Build Accountability Back Into Your Process
When practitioners cannot explain why a tool recommended something, accountability shifts away from human decision makers and into the black box. You become an operator of the system rather than a professional making a decision you can defend. This is not safer. It is more dangerous because it feels objective but your name is on the case. Build your own checks so that every decision that affects a family can be traced to your reasoning, not to an algorithm's pattern.
- ›Before you act on any AI recommendation, ask yourself if you would make the same decision based only on what you know from direct contact. If not, investigate the gap.
- ›Document your decision process, not just the outcome. Write why you chose this path and what you ruled out. This is professional practice.
- ›Discuss difficult cases with a supervisor where you think the algorithm's advice conflicts with your judgement. Use supervision to test your thinking, not to avoid it.
Key principles
- 1.Risk scores trained on historical data reflect how past systems worked, not how current families behave.
- 2.Direct observation of a family remains your most reliable source of information about risk and need.
- 3.Documentation that serves the algorithm instead of serving accountability gradually erodes your professional skills.
- 4.Every decision that affects a family must be defensible in writing without reference to what a tool suggested.
- 5.Pressure to adopt tools should be questioned if adoption means less time for the relationships that safeguarding requires.
Key reminders
- Ask your line manager where the training data for your organisation's AI tool comes from and whether anyone has tested it for bias against families like those you work with most.

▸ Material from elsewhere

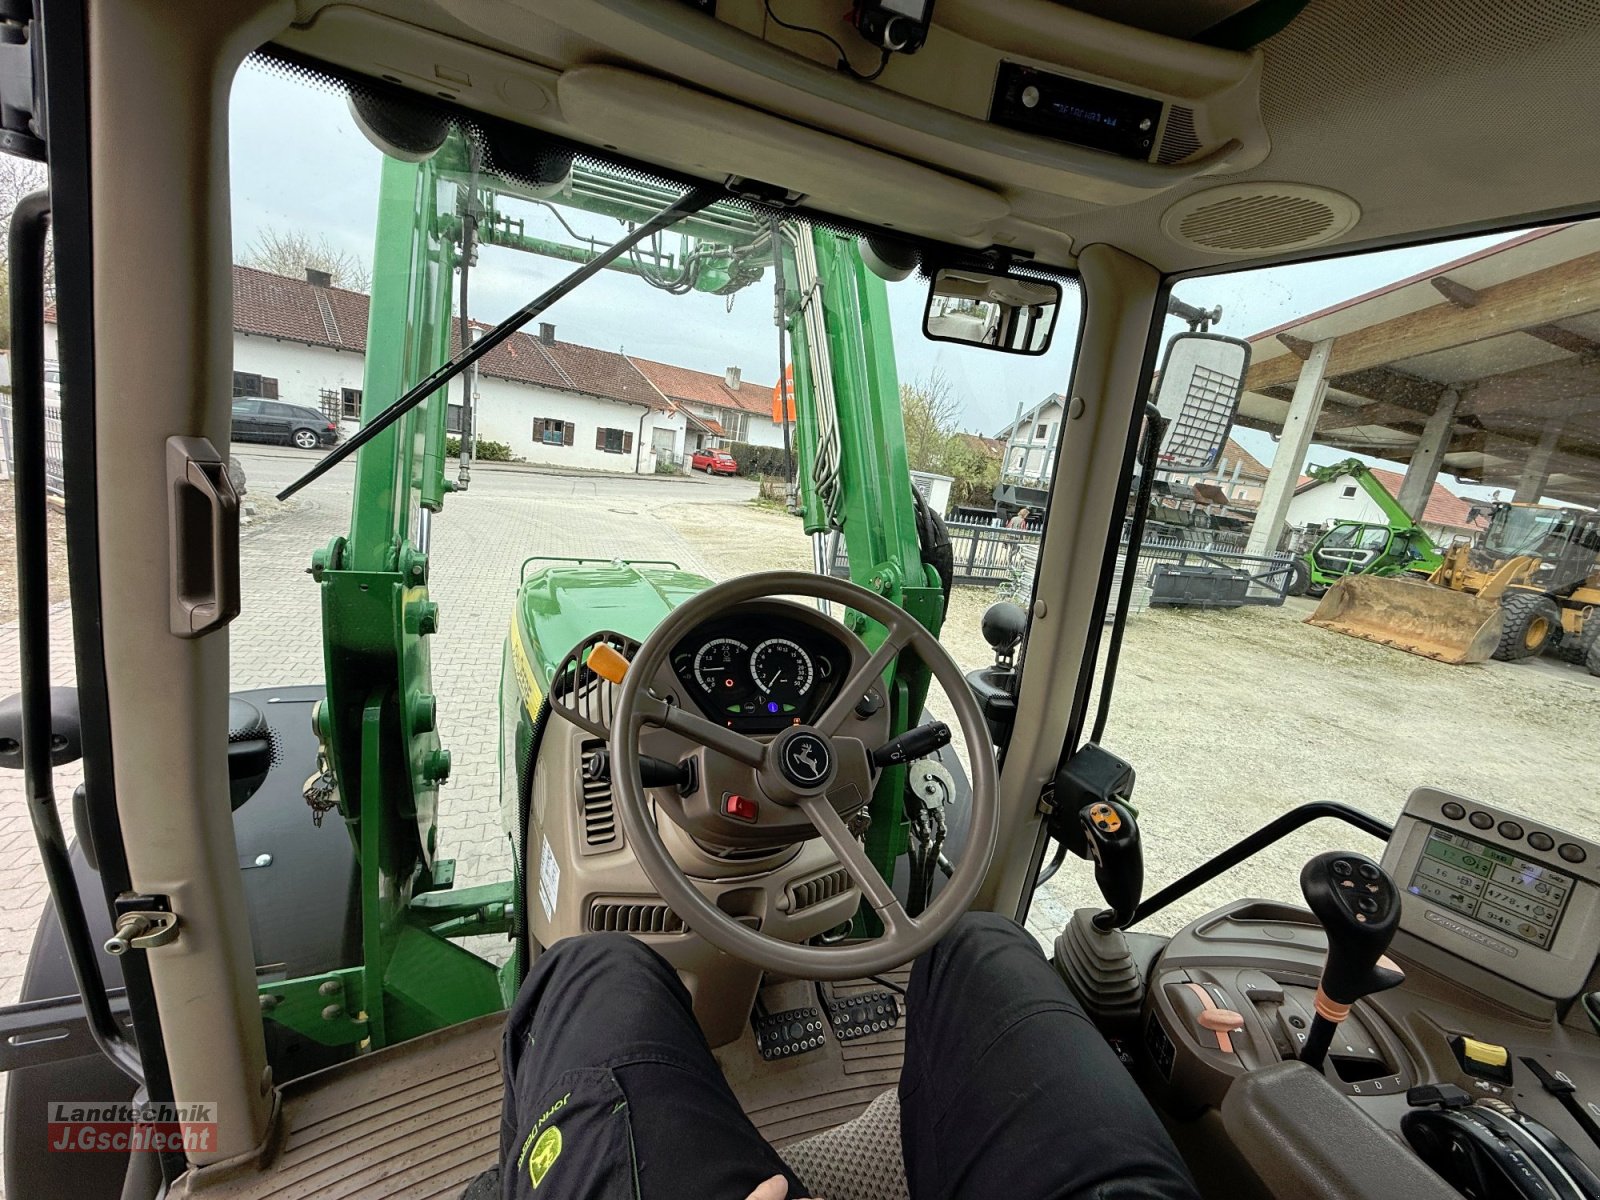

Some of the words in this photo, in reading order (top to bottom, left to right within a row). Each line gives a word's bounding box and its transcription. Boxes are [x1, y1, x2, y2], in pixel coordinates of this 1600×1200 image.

- When using ChatGPT or Copilot for case notes, always review for language that softens or amplifies concern inappropriately. These tools reflect patterns in their training, not the nuance you observed.
- If Liquidlogic or ORCA scores routinely conflict with your assessment, flag this to your manager and keep examples. Systematic disagreement may signal the tool is not fit for your population.
- Spend time with practitioners who use these tools well. Good practice means using the tool as one information source while staying confident in your own reasoning.
- Remember that your profession exists because humans need to make decisions that machines cannot explain. If a tool makes your decision harder to explain, it is working against you.